Он, со своей стороны, несколько опасался, что теперь, когда желание заставляет ее так тесно прижиматься к нему, она может отшатнуться и даже впасть в панику, внезапно ощутив через одежду твердость его члена. Но, почувствовав это, она не только не обиделась, не отшатнулась, напротив, словно все ее сны в ночи полного одиночества подготовили ее наилучшим образом, она обняла его, плотно прижалась к нему и обеими ладонями стала отправлять в плавание по всей поверхности его спины нежные кораблики ласки и желания. От кончиков ее пальцев быстро, один за другим, побежали по его коже языки морских волн с гребешками пены на каждой волне.

И поскольку оба они, обнявшись, все еще стояли у стола, перед ее односпальной, уже расстеленной для сна постелью, совсем нетрудно было им, как бы невзначай, не испытывая неловкости, прилечь, не размыкая объятий, на бок (кровать была узкая). В это мгновение между ними произошло нечто, чего нельзя выразить словами, некое простое движение, предназначенное лишь для того, чтобы им было удобнее, движение, которое оба они совершили с абсолютной синхронностью, словно пара профессиональных танцоров, за плечами которых сотни репетиций. И случилось так, что это совместное движение, великолепное, совершенное до такой степени, что в это невозможно поверить, ужасно рассмешило обоих, оно смело с дороги всякие остатки неловкости или напряженности и вместе с тем обострило эмоции. Поскольку кровать была односпальной, им приходилось лежать на боку, обнявшись и тесно прижимаясь друг к другу. И при этом интуитивно согласовывать любое движение — как в парном танце. И впрямь, кроме одного толчка локтем в плечо, это был слаженный танец, и он удивлялся этому, так как полагал, что она уж точно не та девушка, что обладает богатым опытом, да и про себя знал: он весьма далек от того, чтобы слыть виртуозом. Когда рука его начала неуверенно продвигаться по ее бедру, она шепнула ему на ухо: «Минутку, дай мне только вывести Хозелито в ванную, я его немного стесняюсь». А он решил немного поумничать шепотом: «А что? Почему бы ему и не посмотреть? Пусть немного поревнует? Может, это и его зажжет?..»
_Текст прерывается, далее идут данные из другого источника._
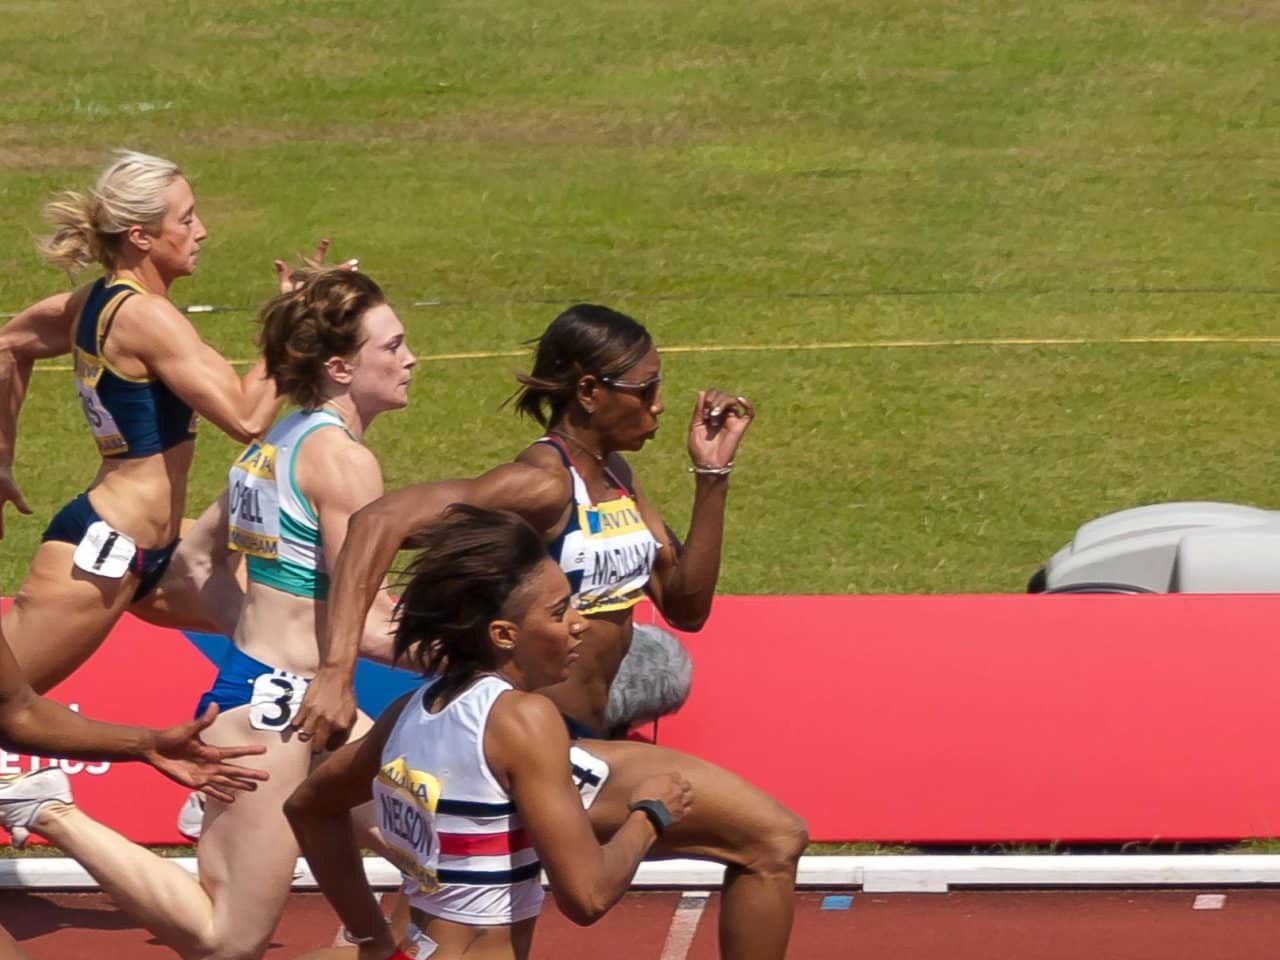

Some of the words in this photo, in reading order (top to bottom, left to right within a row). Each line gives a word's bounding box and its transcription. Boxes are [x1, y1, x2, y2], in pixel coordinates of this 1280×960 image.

Он слышал, как она беседует с котом перед тем, как закрыть его в ванной. Теплым низким голосом она его ласково уговаривала. Или извинялась. Вернувшись, она легла рядом на бок, они обнимались, не переставая гладили друг друга, потому что не решались продолжить, пока пальцы его не двинулись поверх ночной рубашки на поиски ее груди, но она перехватила его ищущие пальцы и зажала их в своей ладони, отодвинув как можно дальше от крохотных холмиков, которых она всю жизнь так стеснялась. И, словно выдавая ему немедленную компенсацию за изгнание, она направила его пальцы себе на живот. В нем вновь всколыхнулось непреодолимое желание разговаривать, и он произнес глуховатым голосом: «Послушай, Рахель…» Но она прикрыла его губы, и он уступил, начал осыпать поцелуями ее лоб и виски. Он целовал уголки ее глаз, и под ушами, и в шею, и там, где шея переходит в плечи, и в этом месте от прикосновения его губ ей было немного щекотно. Своими поцелуями он старался, по сути, подкупить ее или полностью отвлечь ее внимание от того, что его вторая рука не остановилась на животе, на том месте, где отпустили ее на свободу, а начала медленно и осторожно красться на юг. Пока Рахель не остановила его: «Подожди немного… Я все еще побаиваюсь…»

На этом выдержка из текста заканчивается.